Media players have been coming under fire this year with discovered vulnerabilities and the spread of exploits targeting these holes. Another media player succumbs yet again: RealPlayer becomes playground to a new exploit. This exploit is hosted on a Web site and runs when the said site is accessed. Its main goal is to take advantage of a known vulnerability on the following versions of the popular media player, RealPlayer:

• 6.0.10
• 6.0.11
• 6.0.12
• 6.0.14
• 6.0.14.536
• 6.0.14.543
• 6.0.14.544
• 6.0.14.550
• 6.0.14.552

Once executed, it causes a stack overflow and download of malicious files.

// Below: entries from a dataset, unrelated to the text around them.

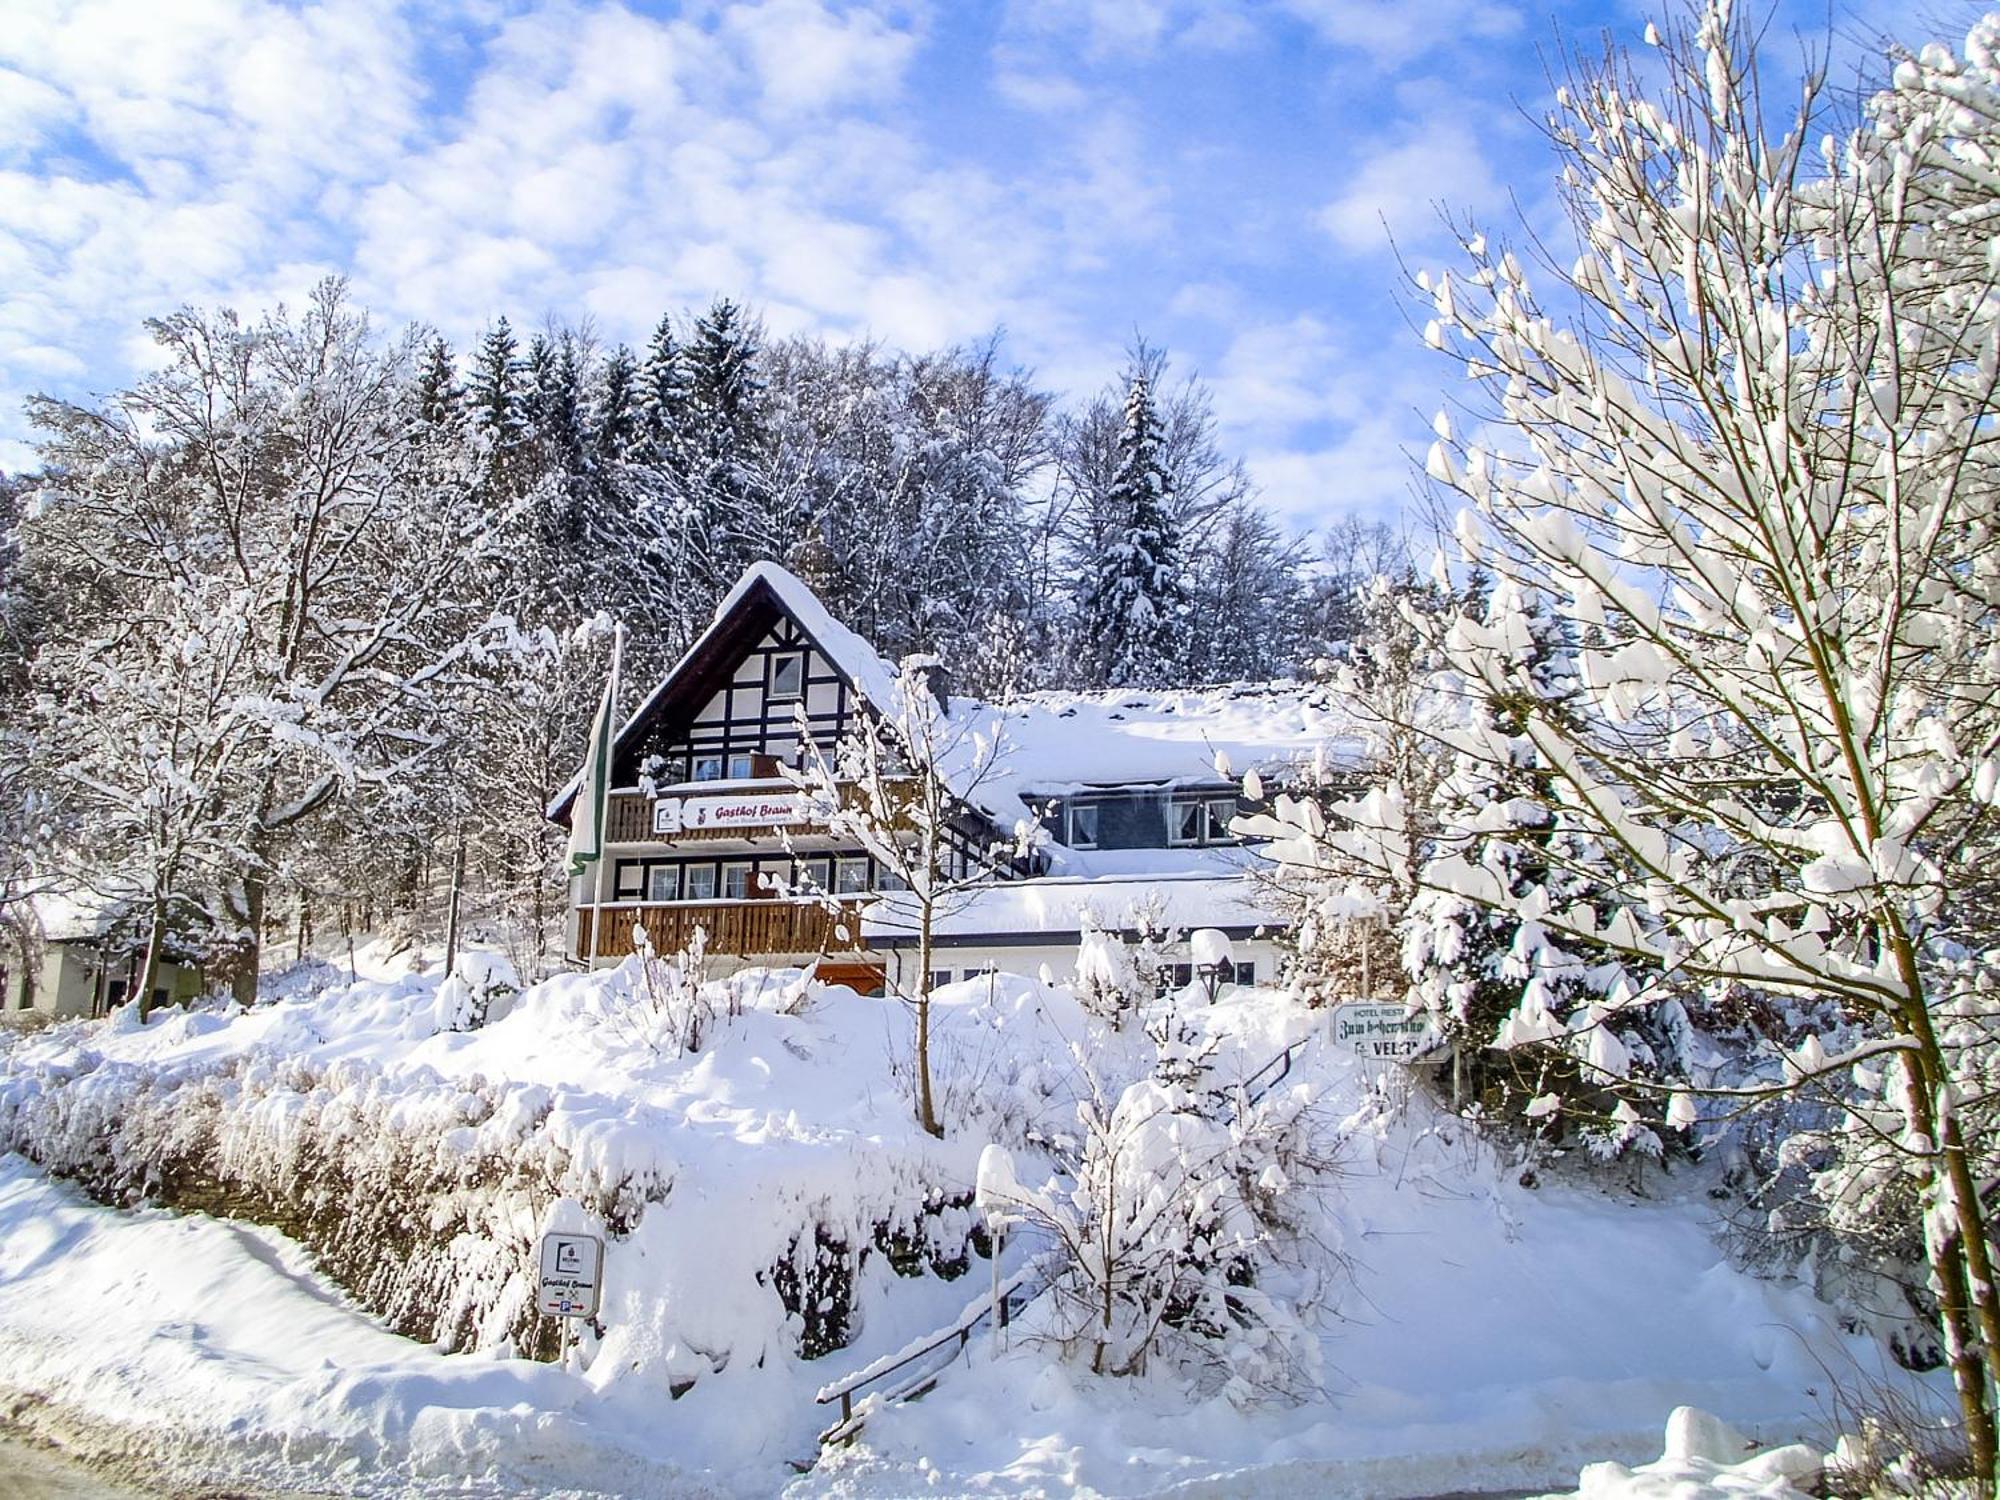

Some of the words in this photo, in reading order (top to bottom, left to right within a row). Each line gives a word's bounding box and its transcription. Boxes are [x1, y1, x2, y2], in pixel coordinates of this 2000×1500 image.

[715, 805, 757, 819] Gasthof
[1354, 1009, 1379, 1017] HOTEL
[1381, 1008, 1405, 1017] REST
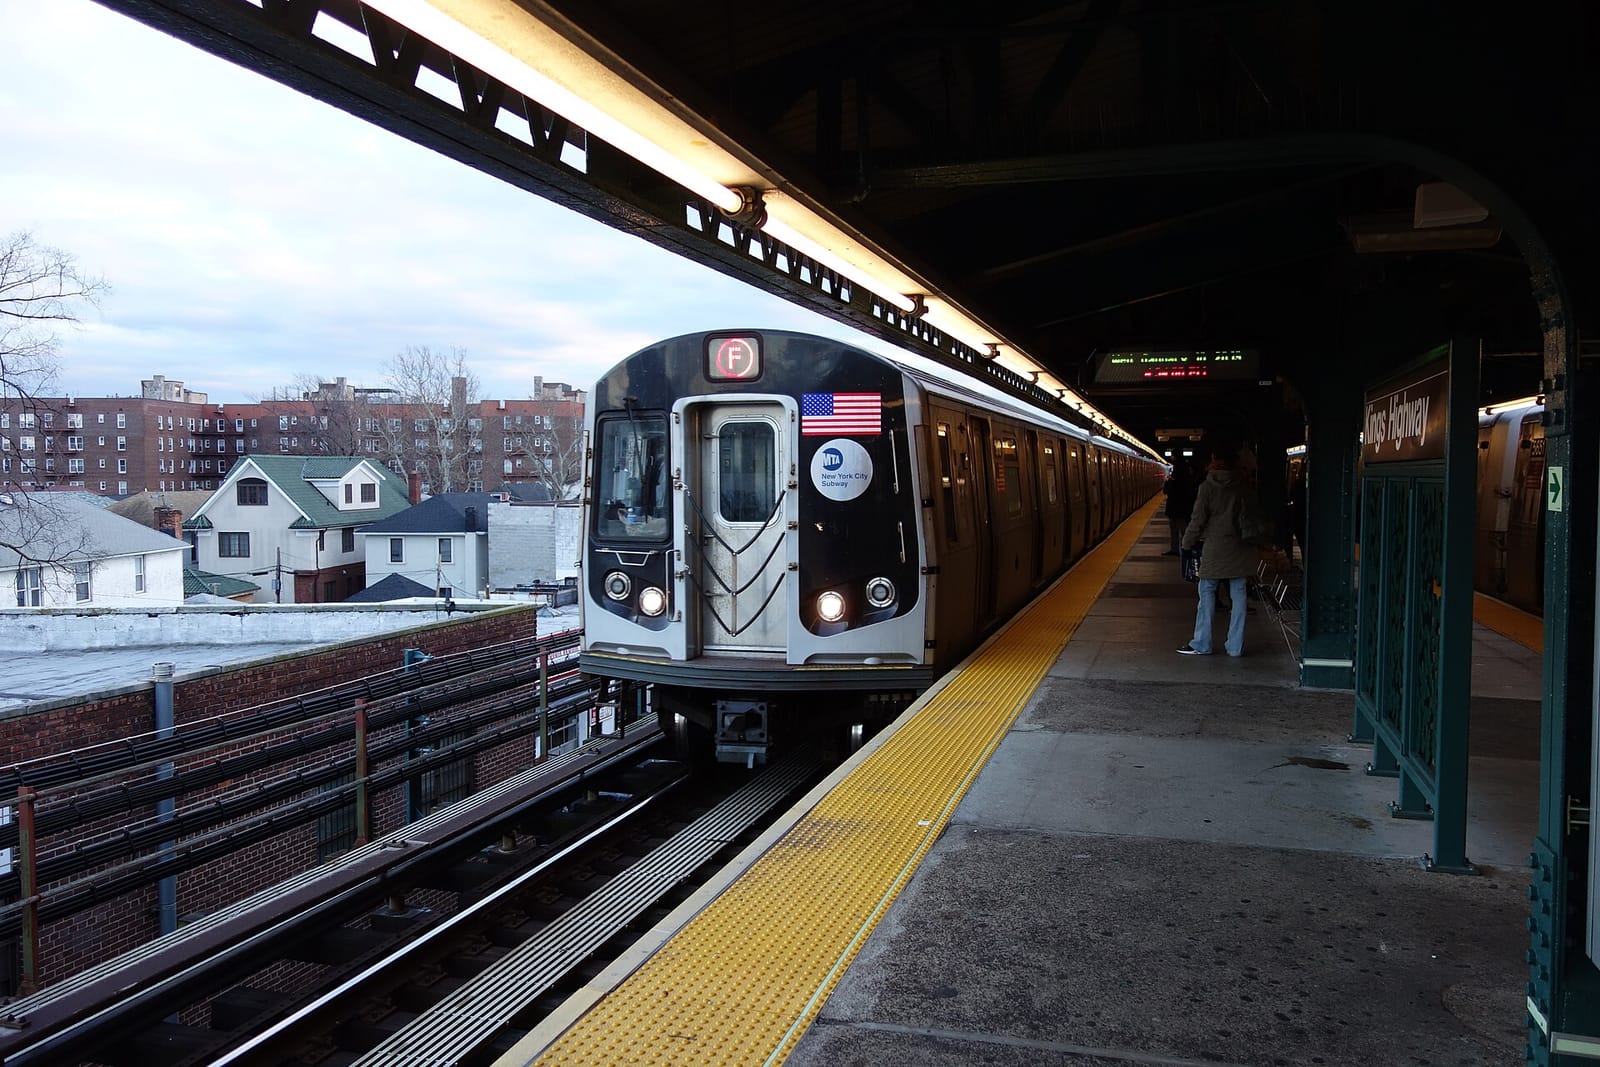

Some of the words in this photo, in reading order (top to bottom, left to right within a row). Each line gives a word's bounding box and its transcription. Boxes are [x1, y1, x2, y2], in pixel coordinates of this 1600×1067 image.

[728, 346, 741, 370] F
[1364, 403, 1386, 454] Kings
[1387, 391, 1429, 451] Highway
[822, 451, 841, 467] MTA
[821, 480, 849, 488] Subway
[854, 473, 868, 481] City

Before the said vulnerability is exploited, it first checks if the target machine is running Windows 2000 or XP with Internet Explorer version 6 or 7 to ensure its proper execution. It also checks what version of RealPlayer is installed to determine the first few bytes of shell code it writes on it. To trigger the exploit, it imports the function IERPLUG.DLL to send the shell code to the installed RealPlayer. If it is successful in doing all of the above, it connects to http://{BLOCKED}.g.biz/1.exe to download a malicious file detected by Trend Micro as PE_MUMAWOW.AO-O. It is saved as A.EXE in the Windows system folder.

Trend Micro detects this exploit as EXPL_REALPLAY.H.